Exploration of various neural network architectures that perform image denoising.
This data comes from a kaggle dataset. It contains chest x-ray images of individuals with and without pneumonia.
The best performing model was a residual autoencoder neural network. It has symmetric skip-forward connections between convolution layers of the same feature tensor shape. Hyperparameter tuning for this neural network architecture was conducted using random search. An example of the denoising performance of this model is shown below on a test-set image.
Noise is information that is not part of a desierd signal. For x-ray images, noise in the image can be caused by measurement errors or efforts to reduce patient's exposure to radiation. Denoising is often required for proper diagnostic analysis by medical professionals. Competent denoising software exists on the market, but there is still research interest due to:
- limited datasets for niche domains...specific diseases that don't have huge sample sets available (e.g. COVID-19)
- extreme cases of noisy images that software cannot handle
- limited applicable use cases for software
We will explore neural network models that perform image denoising on x-ray images of chest x-ray images. The dataset includes clean x-ray images. In this study, we will corrupt the image with various types of noise to produce training data.
The first neural network architecture of interest are autoencoders. It is a bow-tie shape network that condenses an input into a low dimensional latent space and then expands it out into an output that is similar to the input. This architecture excels that captures latent information about the domain of inputs and excluding any noise. Noise can be isolated by the loss function that compares the inputs to the outputs of the model.
encoder = tf.keras.Sequential([
tf.keras.layers.InputLayer(input_shape=(64, 64, 1)),
tf.keras.layers.Conv2D(filters=32, kernel_size=3, strides=(2, 2), activation='relu'),
tf.keras.layers.Conv2D(filters=64, kernel_size=3, strides=(2, 2), activation='relu'),
tf.keras.layers.BatchNormalization(),
tf.keras.layers.Flatten(),
# No activation
tf.keras.layers.Dense(LATENT_DIM)
])
decoder = tf.keras.Sequential([
tf.keras.layers.InputLayer(input_shape=(LATENT_DIM,)),
tf.keras.layers.Dense(units=8*8*32, activation=tf.nn.relu),
tf.keras.layers.Reshape(target_shape=(8, 8, 32)),
tf.keras.layers.Conv2DTranspose(filters=64, kernel_size=3, strides=4, padding='same',
activation='relu'),
tf.keras.layers.Conv2DTranspose(filters=32, kernel_size=3, strides=2, padding='same',
activation='relu'),
# No activation
tf.keras.layers.Conv2DTranspose(filters=1, kernel_size=3, strides=1, padding='same'),
])
Below is the model run aginst a test set image.
The variational autoencoder (VAE) is a variant of the autoencoder architecture. Instead of a latent dimension space of d, the variation autoencoder produces 2*d latent variables. These variables are parameters to a probabalistic function that represents the actual latent features. Thus, the 2*d parameters are used to sample d parameters that are then passed through the decoder. This architecture has more success in generative modeling since it attempts to model the probability distribution of the latent space instead of the values of the latent space directly. Because of this, random numbers within a given range are more agreeable with the decoder.

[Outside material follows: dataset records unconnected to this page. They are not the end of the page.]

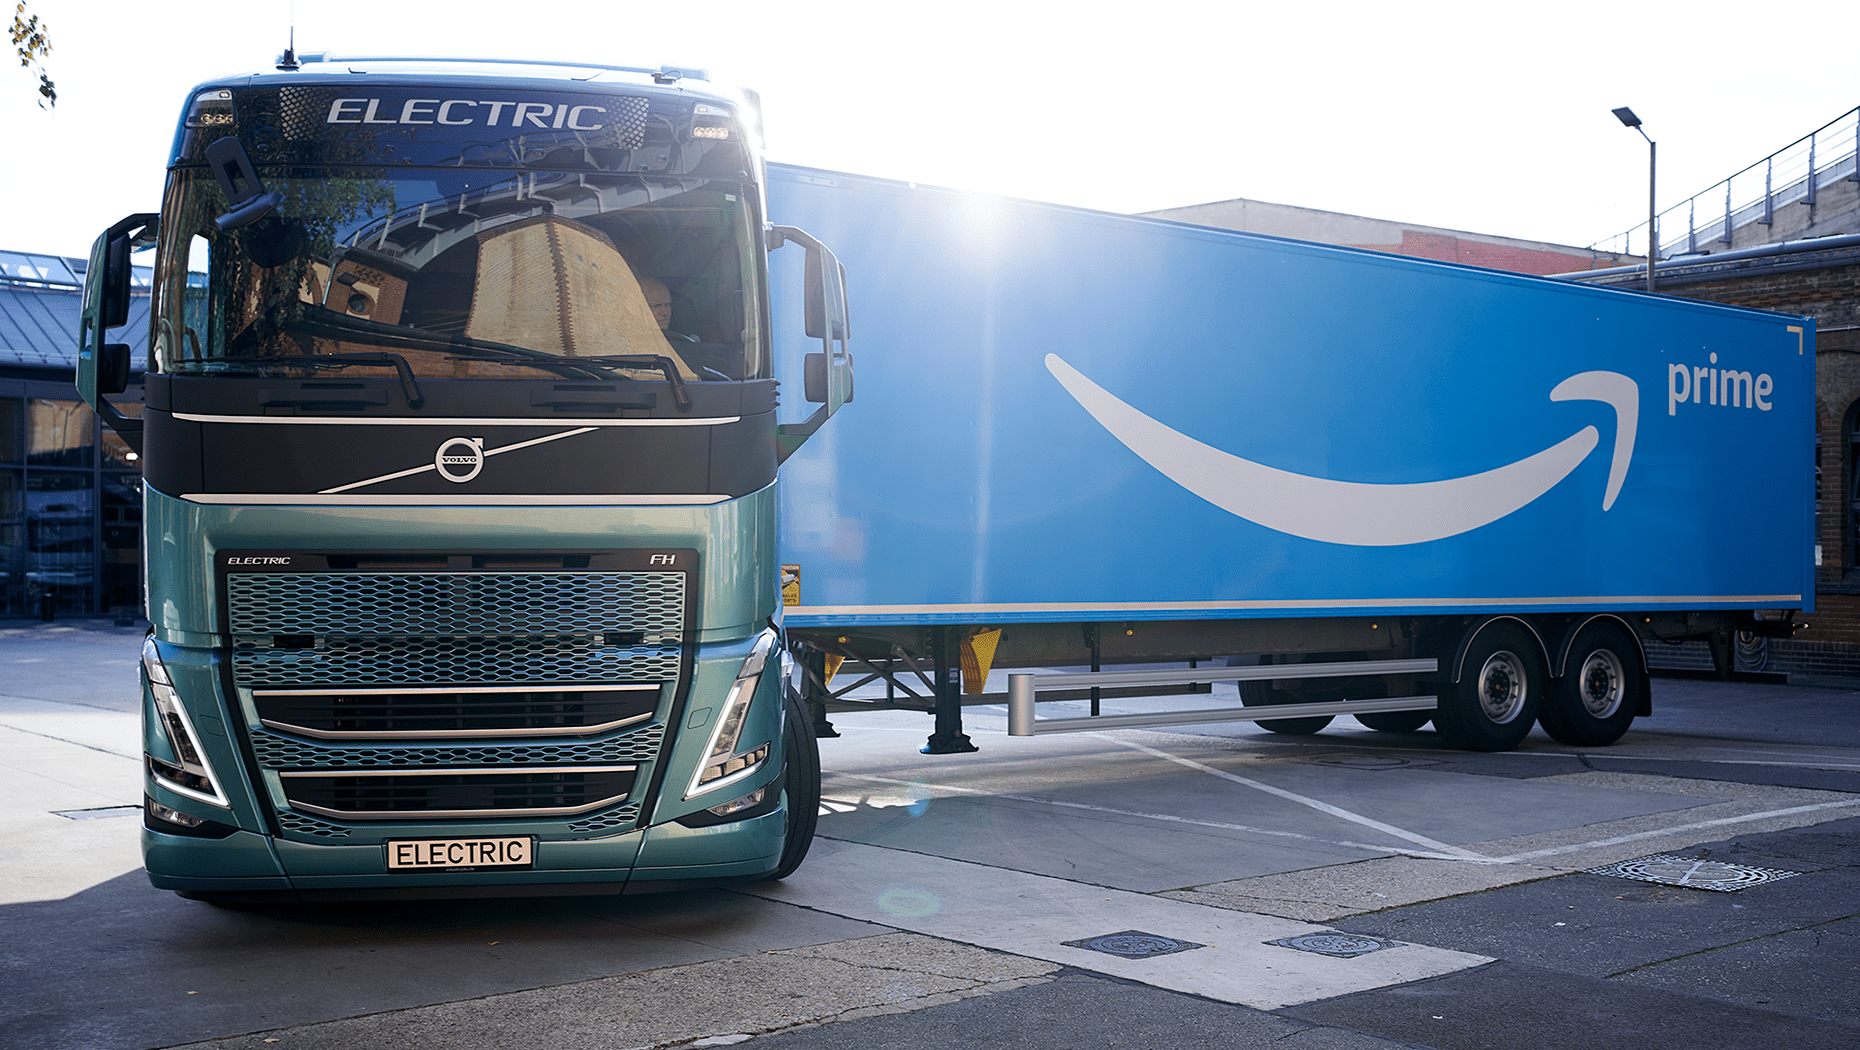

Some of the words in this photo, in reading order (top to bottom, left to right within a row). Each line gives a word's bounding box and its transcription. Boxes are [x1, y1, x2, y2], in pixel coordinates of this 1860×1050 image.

[326, 98, 607, 131] ELECTRIC
[1668, 352, 1773, 416] prime
[227, 556, 291, 565] ELECTRIC
[650, 554, 676, 565] FH
[397, 841, 523, 865] ELECTRIC

The last layer of the encoder is:
tf.keras.layers.Dense(LATENT_DIM + LATENT_DIM)
Additional sampling functions are created to complete the connection between the encoder and decoder. The sampling has no effect on backprop.
Below is a gif that shows generated images using randomly sampled numbers passed through the sampler and then the decoder at various epochs during training. The result is an image that somewhat shows how well the model has 'understood' the domain or captured the true latent features. This is not useful for denoising, just a fun graphic.

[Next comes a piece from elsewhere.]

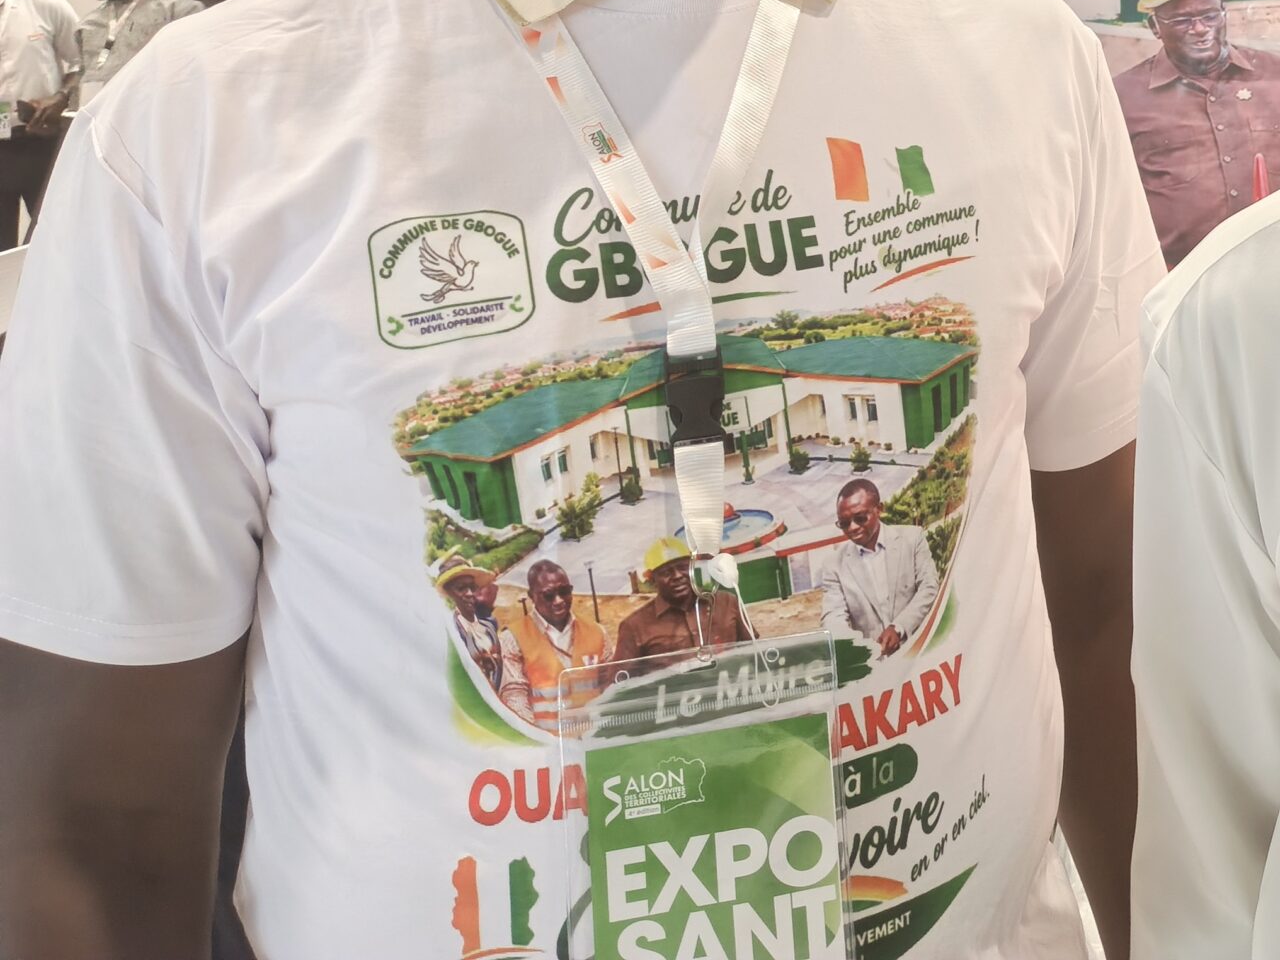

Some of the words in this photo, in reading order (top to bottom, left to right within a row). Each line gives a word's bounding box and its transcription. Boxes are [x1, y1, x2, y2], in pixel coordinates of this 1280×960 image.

The VAE produces more smoothed images than the autoencoder. The performance appears to be similar to that of the regular autoencoder.
An autoencoder architecture with skip-forward connections was implemented using the tf.keras API. The skip-forward connections allow for better behavior during model training for very deep networks. Essentially, the activation of a particular layer is shortcutted further down the network. In this case, we implemented an identify residual skip-forward connection. If necessary, the residual block is able to learn the identity function and this helps stabalize training for large networks. This is of particular interest for our image denoising problem because we want to balance between having the network learn the complex meta-model of chest x-ray images (complex network architecture) but also possibly minimally adjust the values of certain pixels that experienced less noise (skip-connections).
Random sampling was used to determine a good set of hyperparameters. The model was trained on a dataset corrupted by medium-level Gaussian noise. The performance of this model on a test set image is shown below. Overall, the denoising is much more successful than previous iterations. E.g. the rib cage is better denoised.
Below that is the performance of this model on different corruption types. The top two rows are the images with corruption. The bottom two rows of each figure are the denoised images corresponding to the corrupted image 2 rows above.